Top of Information shown
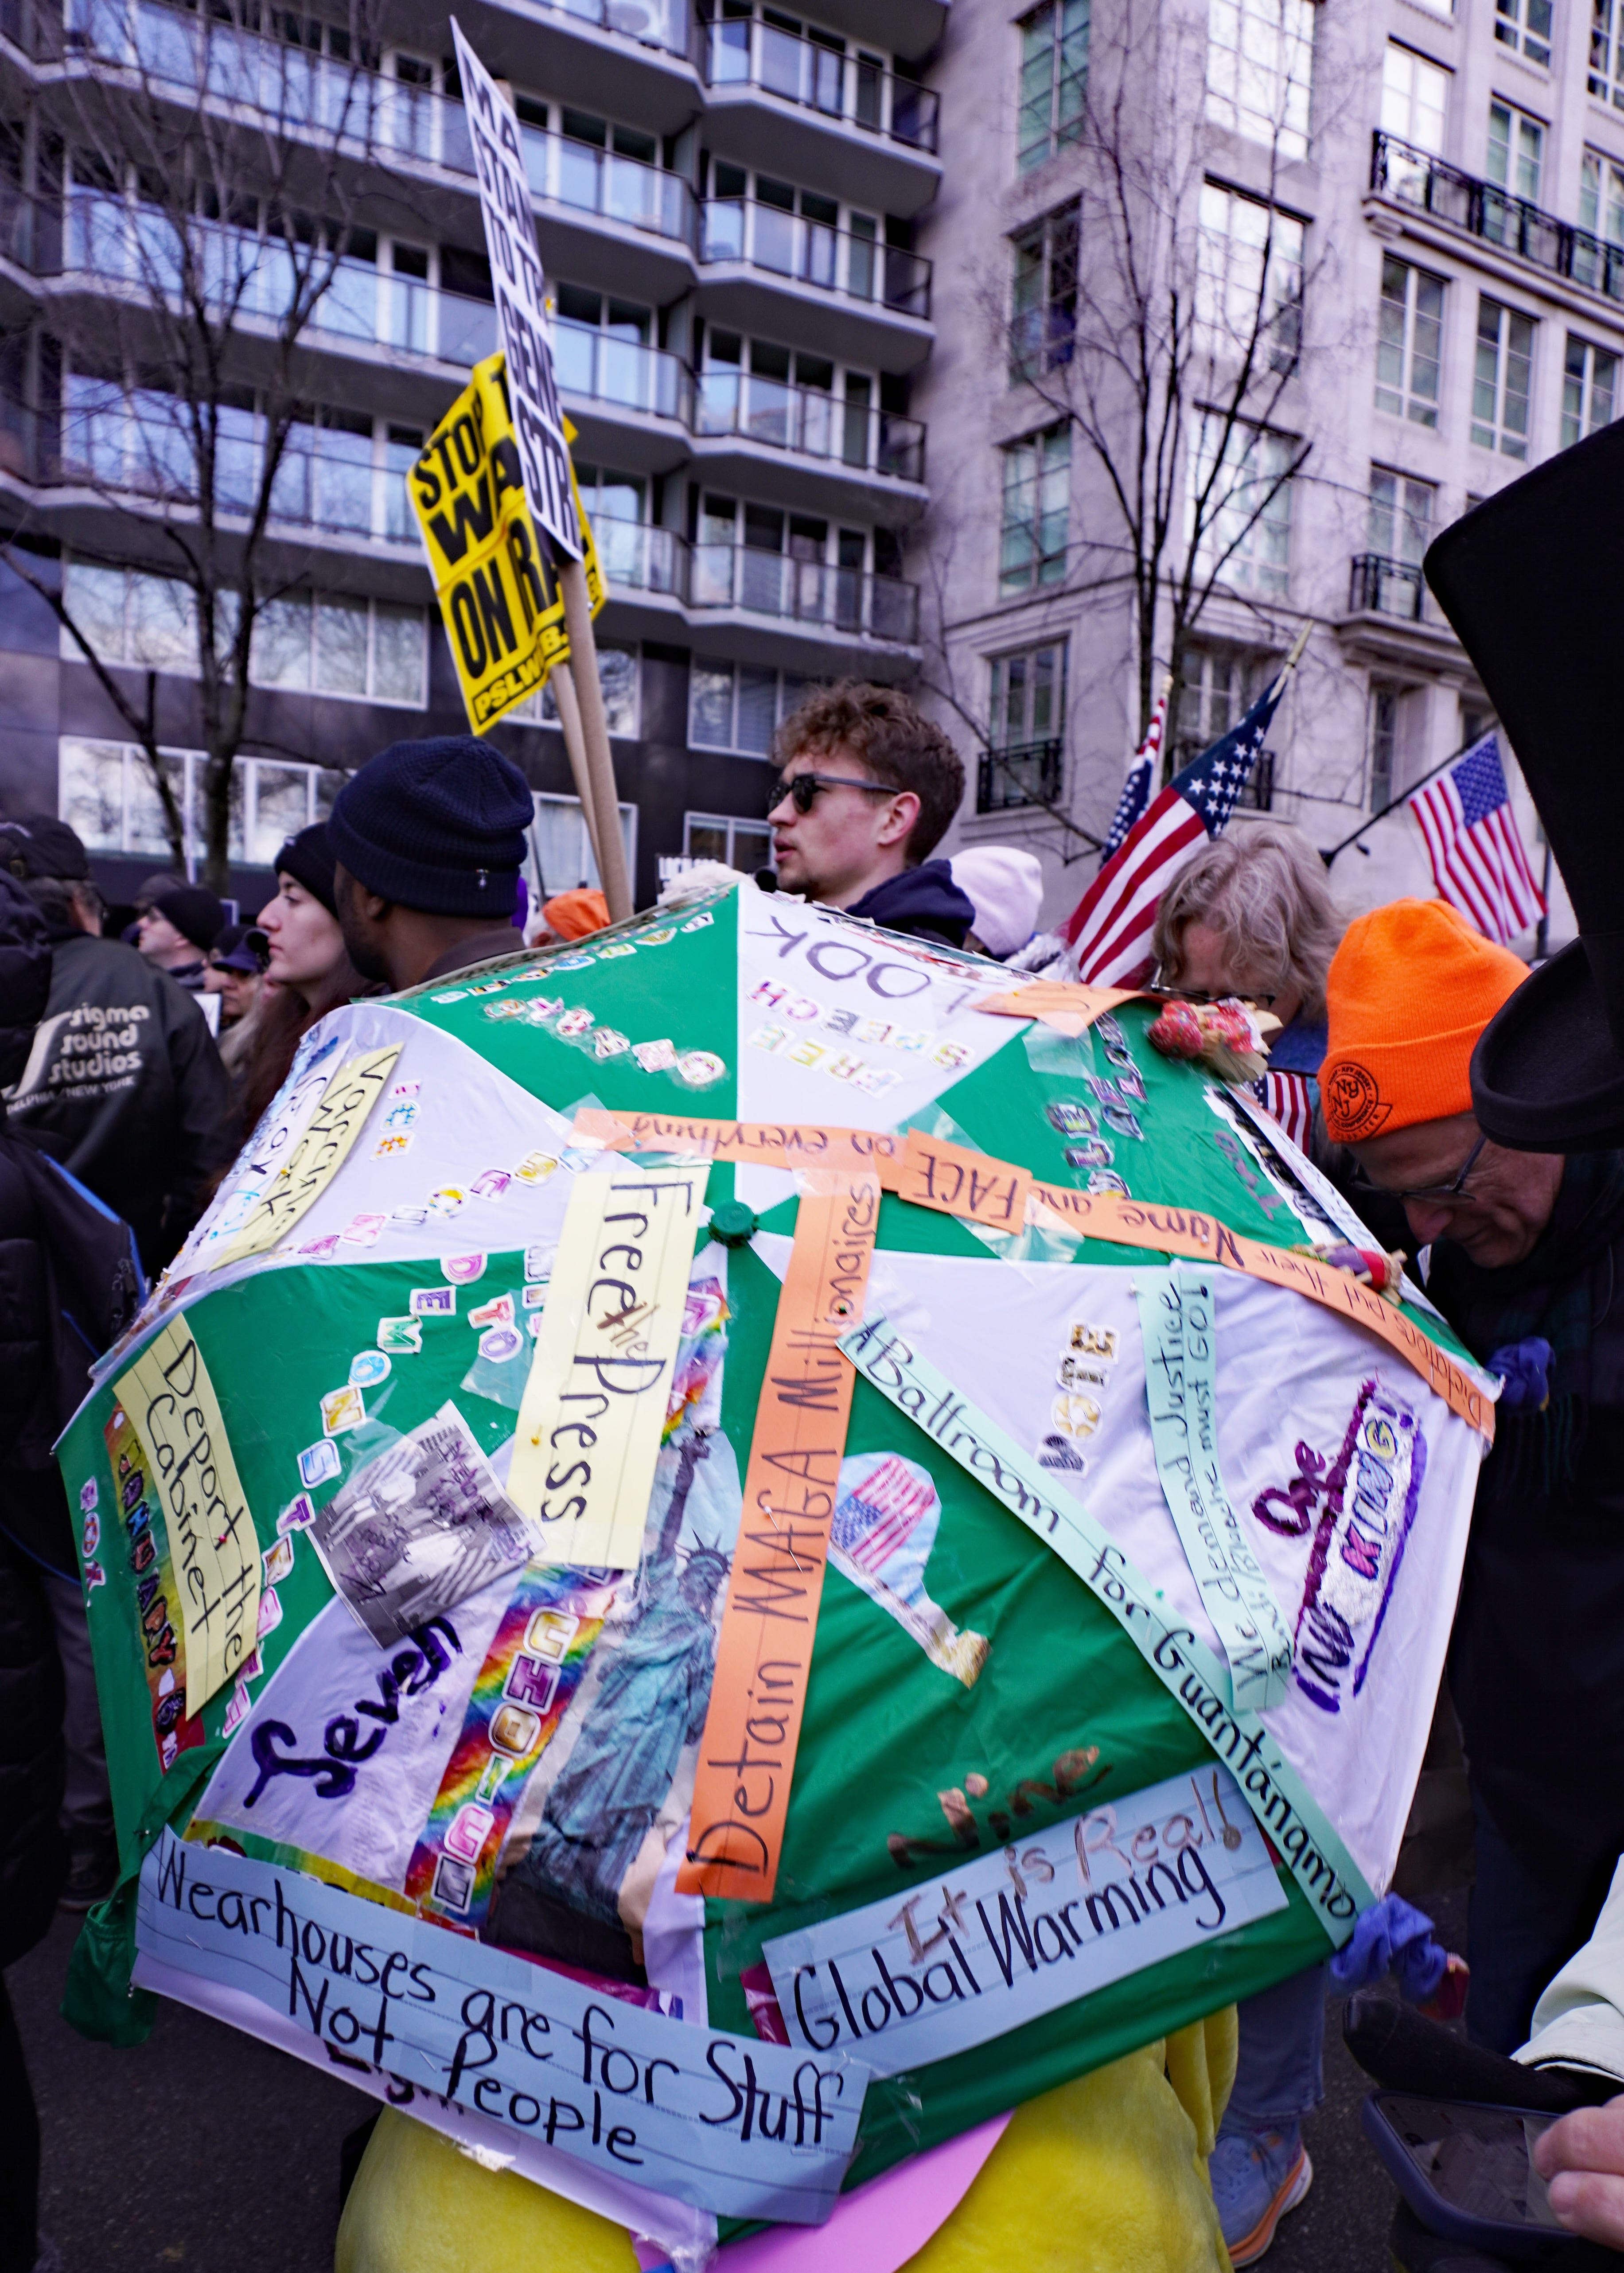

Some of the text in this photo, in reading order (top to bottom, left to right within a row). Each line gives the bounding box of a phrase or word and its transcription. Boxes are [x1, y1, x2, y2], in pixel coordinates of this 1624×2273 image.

[413, 389, 486, 510] STOP
[518, 395, 581, 553] STR
[428, 436, 524, 566] WA
[451, 557, 518, 679] ON
[745, 915, 978, 1013] LOOK
[60, 1023, 139, 1055] sound
[70, 1002, 150, 1031] sigma
[748, 981, 968, 1070] SPEECH
[751, 1024, 895, 1093] FREE
[48, 1050, 144, 1084] studios
[66, 1084, 98, 1097] NEW
[634, 1114, 828, 1154] everything
[852, 1133, 896, 1156] on
[914, 1153, 1020, 1222] FACE
[1118, 1203, 1244, 1268] Name
[588, 1181, 694, 1316] Free
[1256, 1249, 1328, 1297] their
[472, 1299, 518, 1358] TO
[596, 1301, 661, 1361] the
[851, 1318, 886, 1354] A
[1184, 1283, 1211, 1362] GO!
[1344, 1282, 1386, 1322] put
[540, 1354, 667, 1523] Press
[866, 1335, 1060, 1534] Ballroom
[1038, 1323, 1116, 1472] VOTE
[1188, 1379, 1213, 1453] must
[147, 1393, 221, 1634] Cabinet
[165, 1339, 256, 1675] Deport the
[689, 1182, 875, 1877] Detain MAGA Millionaires
[1151, 1281, 1267, 1693] We demand Justice
[1088, 1544, 1151, 1619] for
[243, 1615, 463, 1808] Seven
[436, 1611, 575, 1911] CHOICE
[886, 1769, 1242, 1966] It is Real!
[151, 1830, 436, 2002] Wearhouses
[460, 1990, 553, 2060] are
[572, 2004, 680, 2103] for
[699, 2039, 844, 2147] Stuff
[794, 1845, 1227, 2052] Global Warming
[290, 1957, 394, 2065] Not
[441, 2029, 644, 2165] People
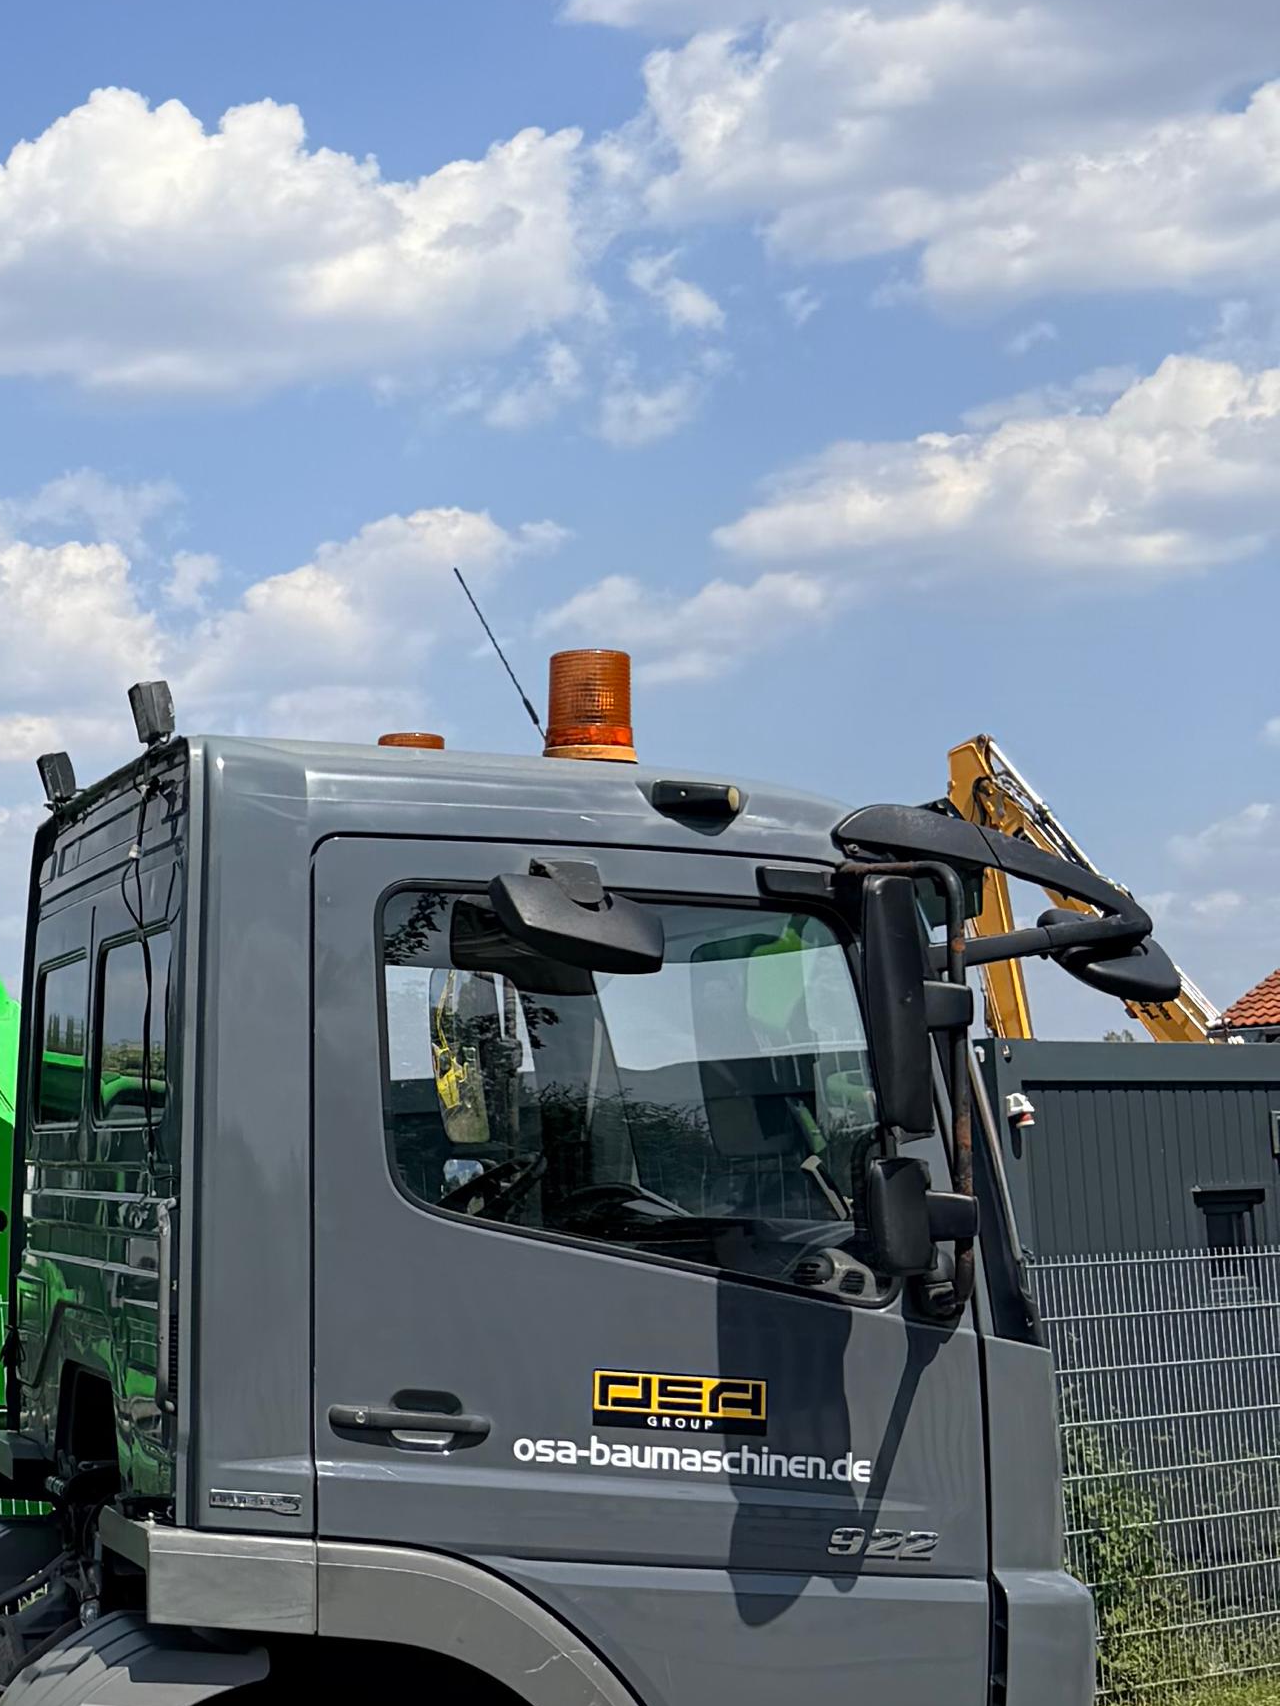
Bottom of Information shown
Exact repetition of all entries is required. The pictures should not appear.

Some of the text in this photo, in reading order (top to bottom, left to right within a row). Each line gives the bounding box of a phrase or word and its transcription. Boxes are [x1, y1, x2, y2], in pixel coordinates of this 1624×2273 image.

[413, 389, 486, 510] STOP
[518, 395, 581, 553] STR
[428, 436, 524, 566] WA
[451, 557, 518, 679] ON
[745, 915, 978, 1013] LOOK
[60, 1023, 139, 1055] sound
[70, 1002, 150, 1031] sigma
[748, 981, 968, 1070] SPEECH
[751, 1024, 895, 1093] FREE
[48, 1050, 144, 1084] studios
[66, 1084, 98, 1097] NEW
[634, 1114, 828, 1154] everything
[852, 1133, 896, 1156] on
[914, 1153, 1020, 1222] FACE
[1118, 1203, 1244, 1268] Name
[588, 1181, 694, 1316] Free
[1256, 1249, 1328, 1297] their
[472, 1299, 518, 1358] TO
[596, 1301, 661, 1361] the
[851, 1318, 886, 1354] A
[1184, 1283, 1211, 1362] GO!
[1344, 1282, 1386, 1322] put
[540, 1354, 667, 1523] Press
[866, 1335, 1060, 1534] Ballroom
[1038, 1323, 1116, 1472] VOTE
[1188, 1379, 1213, 1453] must
[147, 1393, 221, 1634] Cabinet
[165, 1339, 256, 1675] Deport the
[689, 1182, 875, 1877] Detain MAGA Millionaires
[1151, 1281, 1267, 1693] We demand Justice
[1088, 1544, 1151, 1619] for
[243, 1615, 463, 1808] Seven
[436, 1611, 575, 1911] CHOICE
[886, 1769, 1242, 1966] It is Real!
[151, 1830, 436, 2002] Wearhouses
[460, 1990, 553, 2060] are
[572, 2004, 680, 2103] for
[699, 2039, 844, 2147] Stuff
[794, 1845, 1227, 2052] Global Warming
[290, 1957, 394, 2065] Not
[441, 2029, 644, 2165] People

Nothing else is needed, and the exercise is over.